* _Work instructions_: Would you please transcribe the records below exactly, leaving out the pictures?

[[ Source data open ]]

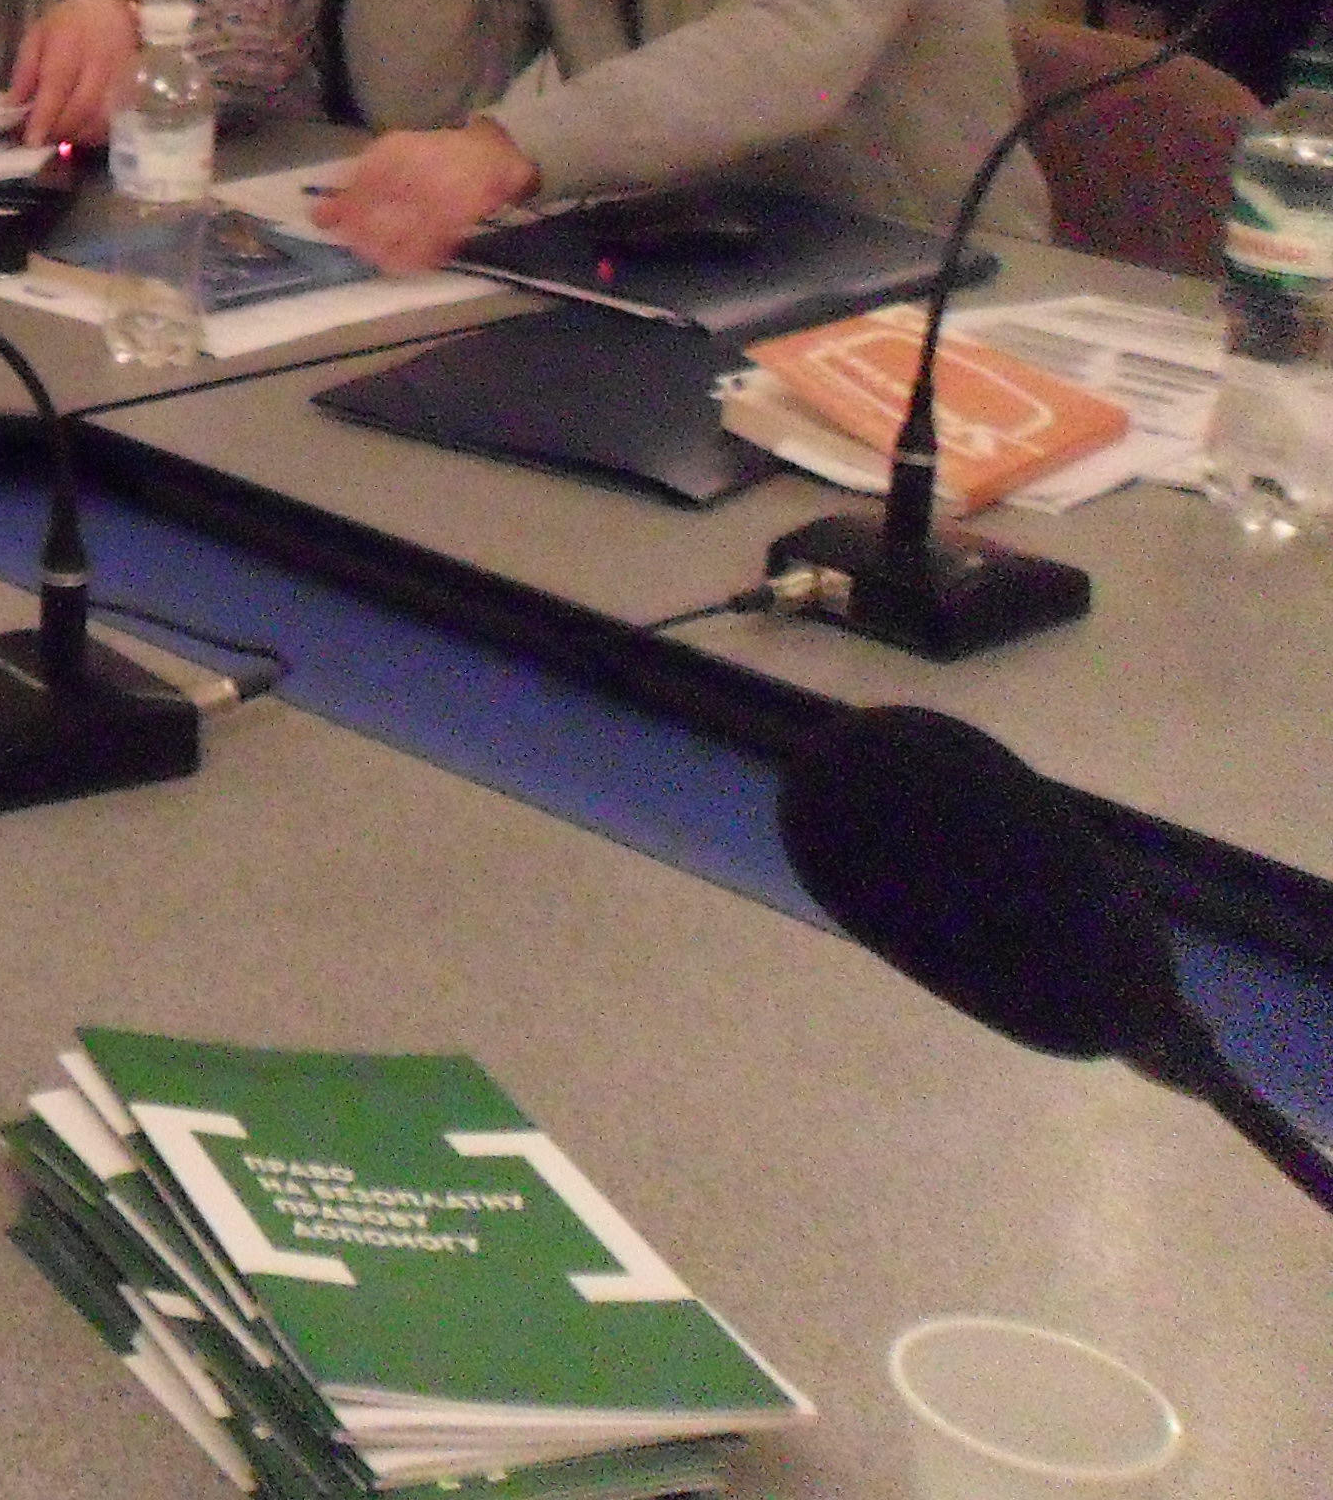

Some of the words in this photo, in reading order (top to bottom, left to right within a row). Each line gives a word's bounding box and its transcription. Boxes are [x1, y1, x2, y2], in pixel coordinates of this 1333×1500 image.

[240, 1151, 357, 1184] ПРАВО
[255, 1174, 308, 1198] НА
[309, 1180, 525, 1212] БЕЗОПЛАТНУ
[272, 1196, 429, 1229] ПРАВОВУ
[292, 1218, 480, 1254] ДОПОМОГУ
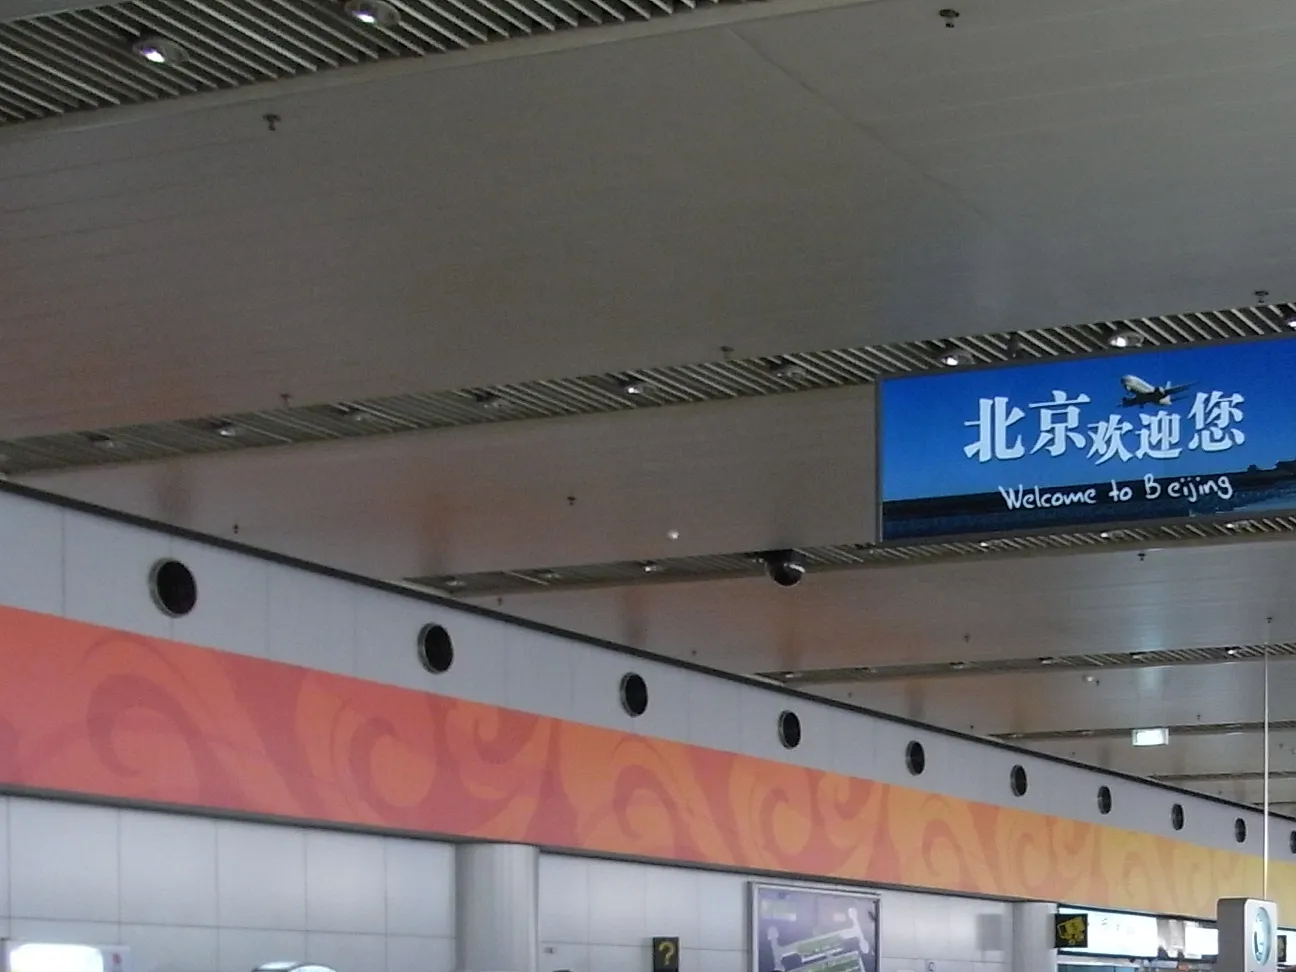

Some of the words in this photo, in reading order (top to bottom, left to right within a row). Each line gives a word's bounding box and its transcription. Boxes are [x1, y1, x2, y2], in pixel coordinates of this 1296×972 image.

[[ Source data closed ]]

* _Result of this exercise_:
Some of the words in this photo, in reading order (top to bottom, left to right within a row). Each line gives a word's bounding box and its transcription. Boxes are [x1, y1, x2, y2], in pixel coordinates of this 1333×1500 image.

[240, 1151, 357, 1184] ПРАВО
[255, 1174, 308, 1198] НА
[309, 1180, 525, 1212] БЕЗОПЛАТНУ
[272, 1196, 429, 1229] ПРАВОВУ
[292, 1218, 480, 1254] ДОПОМОГУ

Some of the words in this photo, in reading order (top to bottom, left to right within a row). Each line gives a word's bounding box and its transcription. Boxes are [x1, y1, x2, y2], in pixel coordinates of this 1296×972 image.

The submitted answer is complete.